A lot has changed since the Indie Memphis Film Festival’s humble beginning. Cameras and editing software have capabilities undreamed of at the turn of the century, rendering celluloid all but obsolete. Home theater and streaming video have opened new avenues for distribution that have theater owners looking over their shoulders and Hollywood studios pushing out bigger and more elaborate spectacles. Indie films still struggle, but now there are thousands of them produced each year, by specialty studios and plucky visionaries with DSLRs. The festival itself has grown from its underground bar-room roots into one of the most respected — and fun — festivals in America. For audiences, the problem has evolved from “How can I find something different to watch?” to “How can I make sense of all these choices?”
That’s where carefully curated festivals like Indie Memphis remain relevant.
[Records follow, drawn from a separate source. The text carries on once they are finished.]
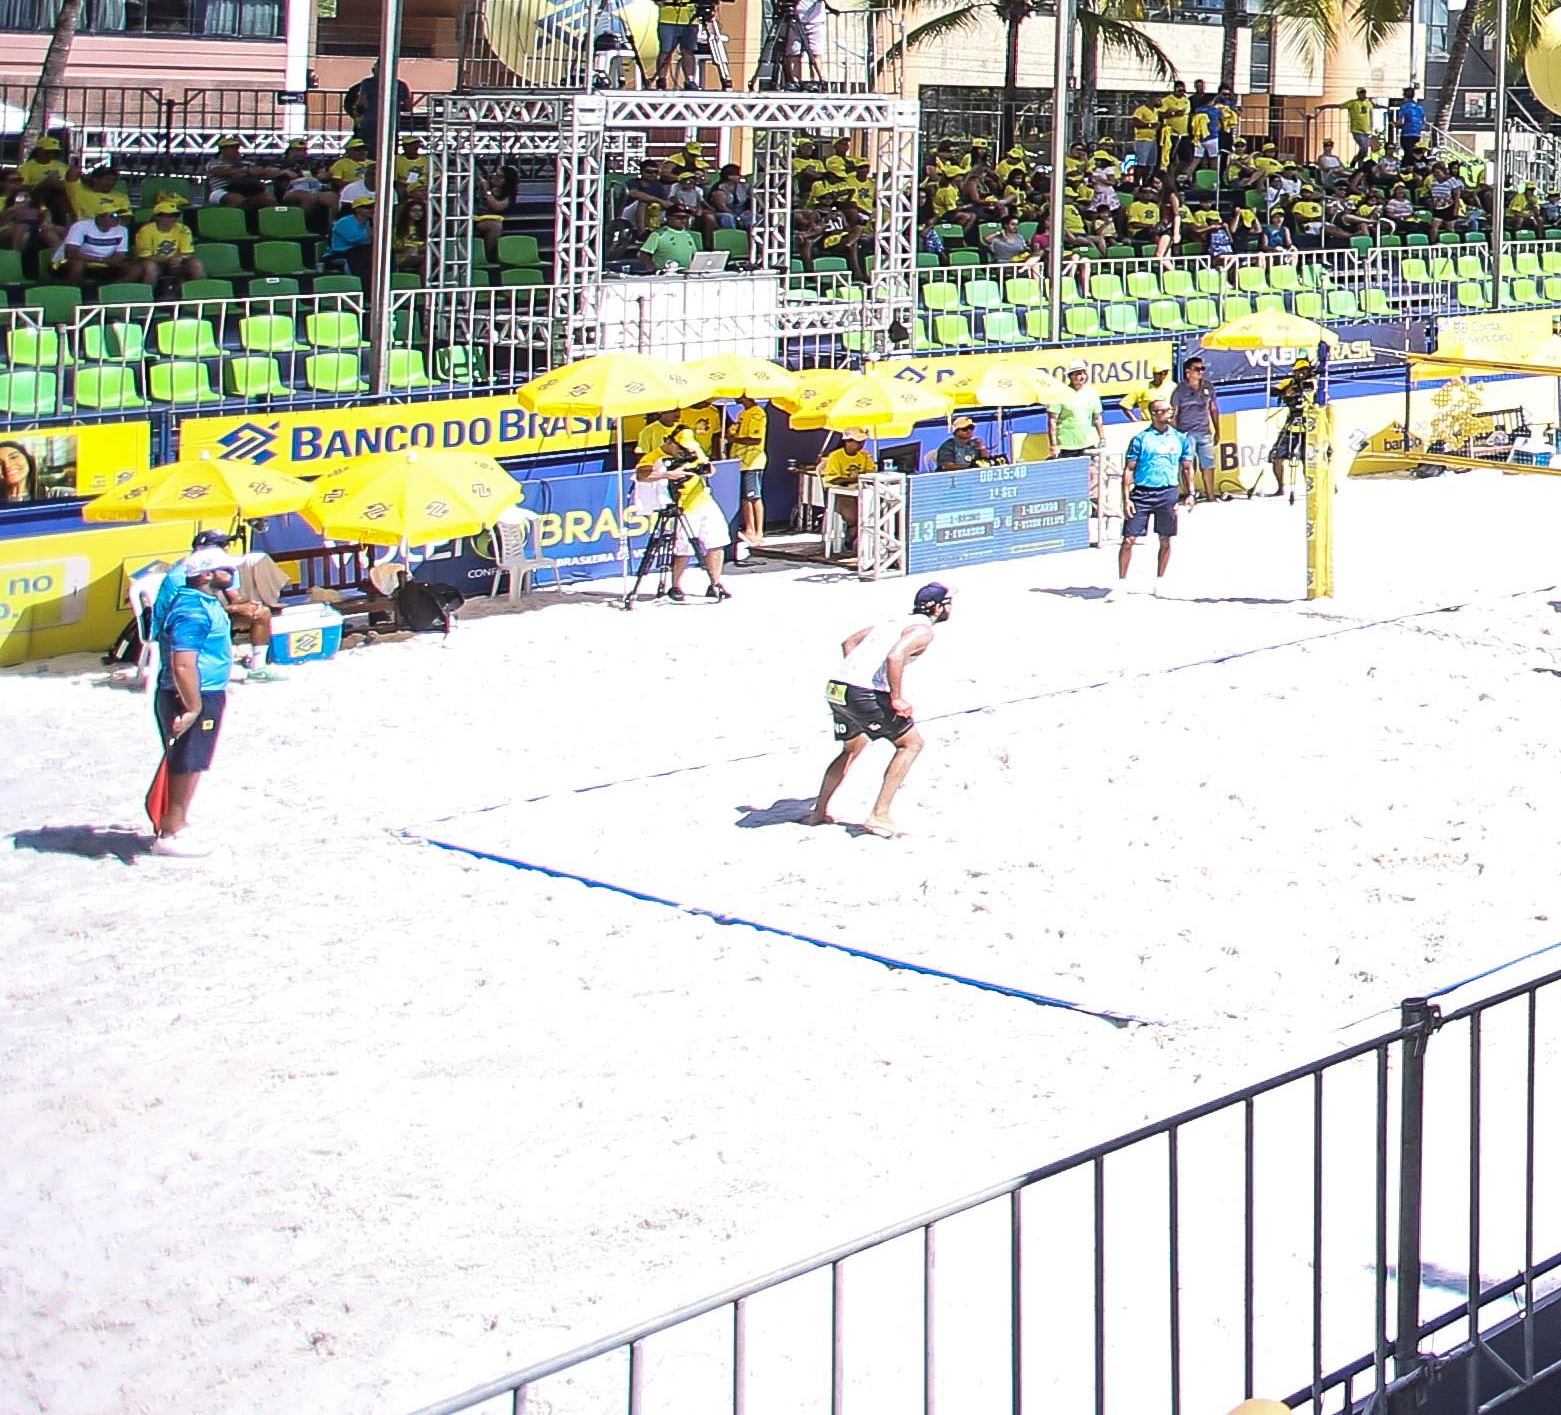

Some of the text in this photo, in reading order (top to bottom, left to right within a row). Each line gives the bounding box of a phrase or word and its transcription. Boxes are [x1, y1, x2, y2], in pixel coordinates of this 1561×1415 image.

[291, 421, 435, 462] BANCO
[442, 416, 492, 448] DO
[1067, 500, 1089, 522] 12
[911, 521, 935, 543] 13
[8, 574, 54, 596] no
This year, more than a thousand entries were winnowed down to two dozen competition features, as well as showcases and gala screenings that not only explore the state of the art, but also celebrate classics that have left indelible marks on indie history.
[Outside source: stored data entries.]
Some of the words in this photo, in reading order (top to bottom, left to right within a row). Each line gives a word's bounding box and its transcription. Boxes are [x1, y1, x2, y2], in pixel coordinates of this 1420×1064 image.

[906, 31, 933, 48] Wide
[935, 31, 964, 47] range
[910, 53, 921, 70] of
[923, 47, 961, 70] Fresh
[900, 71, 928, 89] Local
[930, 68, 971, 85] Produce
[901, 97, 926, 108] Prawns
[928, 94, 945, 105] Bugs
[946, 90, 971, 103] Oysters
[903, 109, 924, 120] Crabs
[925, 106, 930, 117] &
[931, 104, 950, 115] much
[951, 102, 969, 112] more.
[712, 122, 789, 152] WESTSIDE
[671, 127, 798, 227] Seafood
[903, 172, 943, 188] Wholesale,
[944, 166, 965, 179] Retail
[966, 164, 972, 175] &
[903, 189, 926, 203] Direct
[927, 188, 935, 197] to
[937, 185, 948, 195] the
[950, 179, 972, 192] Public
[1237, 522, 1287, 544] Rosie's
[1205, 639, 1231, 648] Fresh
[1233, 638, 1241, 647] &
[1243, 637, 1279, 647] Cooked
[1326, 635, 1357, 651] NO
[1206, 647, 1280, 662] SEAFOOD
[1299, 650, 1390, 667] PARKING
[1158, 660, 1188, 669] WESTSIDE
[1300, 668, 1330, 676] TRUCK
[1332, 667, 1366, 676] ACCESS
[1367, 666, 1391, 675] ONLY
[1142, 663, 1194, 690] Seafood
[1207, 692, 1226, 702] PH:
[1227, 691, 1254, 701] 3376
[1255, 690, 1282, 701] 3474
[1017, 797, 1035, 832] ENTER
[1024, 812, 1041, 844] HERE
The lineup of narrative features, documentaries, shorts, and experimental videos that will roll out over the four-day weekend at Overton Square venues Playhouse On The Square, Circuit Playhouse, The Hattiloo Theatre, and Malco’s Studio On The Square is among the most diverse in the festival’s history, offering something for every taste. Choosing from such a wide selection of movies can be a daunting task, so we’ll break down your choices by areas of interest to help you explore one of Memphis’ premiere cultural events.
HOME-GROWN
The Bluff City cinema underground looks healthy, as 2014’s crop of local features include both veterans and newcomers. Three narrative features and one documentary will vie for the Hometowner prize.
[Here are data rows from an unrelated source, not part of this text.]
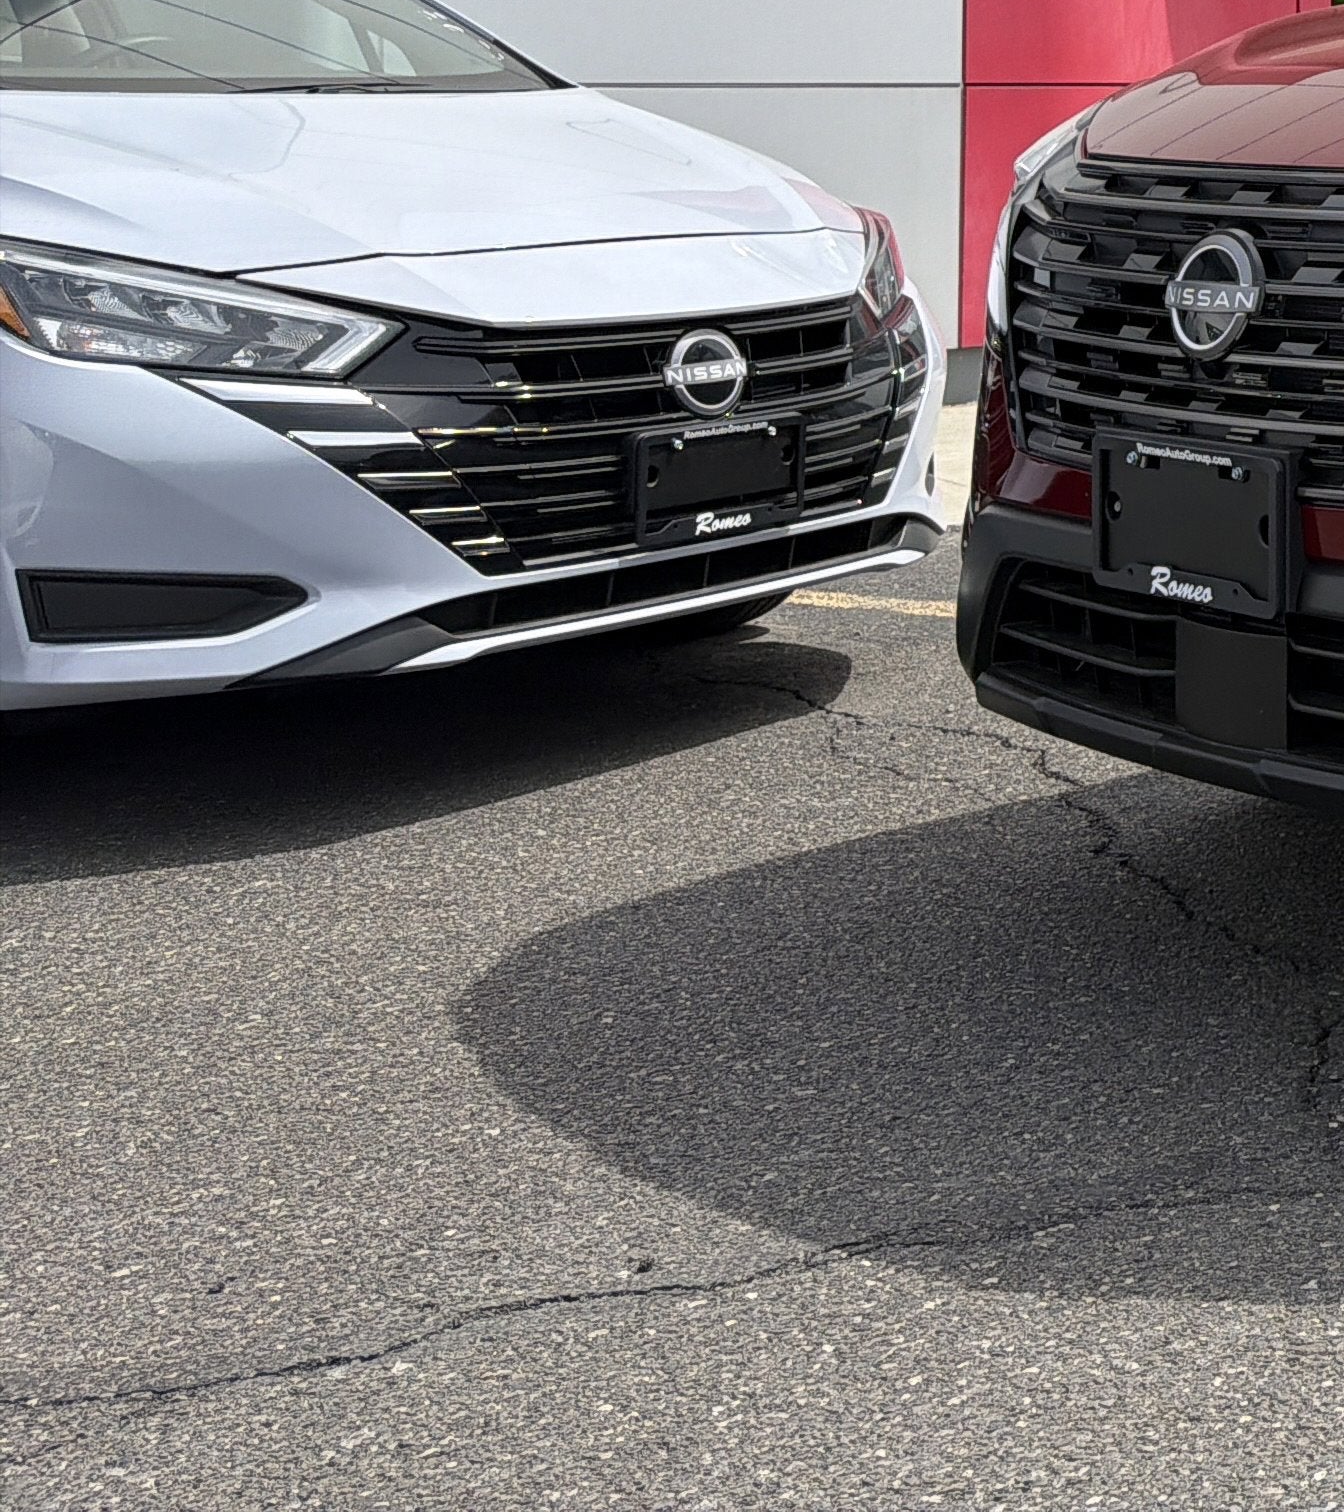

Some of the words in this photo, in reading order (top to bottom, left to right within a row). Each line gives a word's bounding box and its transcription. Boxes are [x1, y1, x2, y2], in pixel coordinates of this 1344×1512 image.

[1168, 285, 1255, 309] NISSAN
[665, 361, 747, 385] NISSAN
[1136, 442, 1232, 467] RomeoAutoGroup.com
[695, 511, 751, 536] Romeo
[1150, 565, 1213, 603] Romeo
Eric Tate, star of The Poor & Hungry, which launched director Craig Brewer’s career at Indie Memphis in 2000, returns to the screen in Chad Allen Barton’s Lights Camera Bullshit. Tate leads as Gerard Evans, a film school graduate who returns to Memphis to direct art films, but instead finds himself embroiled in a sordid comedy of filmic errors by his unscrupulous boss Don (Ron Gephart). Tate plays straight man to a cast of Memphis indie all-stars, including Markus Seaberry, Don Meyers, Jon W. Sparks, Dorv Armour, Brandon Sams, McTyere Parker, and the late John Still as a terrorist disguised as president William Henry Harrison.
5 Steps to a Conversation
Director Anwar Jamison returns to the festival with his second feature, 5 Steps to a Conversation. Jamison stars as Javen, an easygoing guy who is having a great day until his wife leaves him, saying he needs to grow up and get a job. He signs on with a sleazy, cult-like multi-level marketing company selling free pizza coupons door to door for $20. The film manages to be both funny and affecting (imagine Glengarry Glen Ross as a comedy) featuring strong performances by Jamison, David Caffey, Memphis slam poet Powwah, and 4-year-old Amari Jamison.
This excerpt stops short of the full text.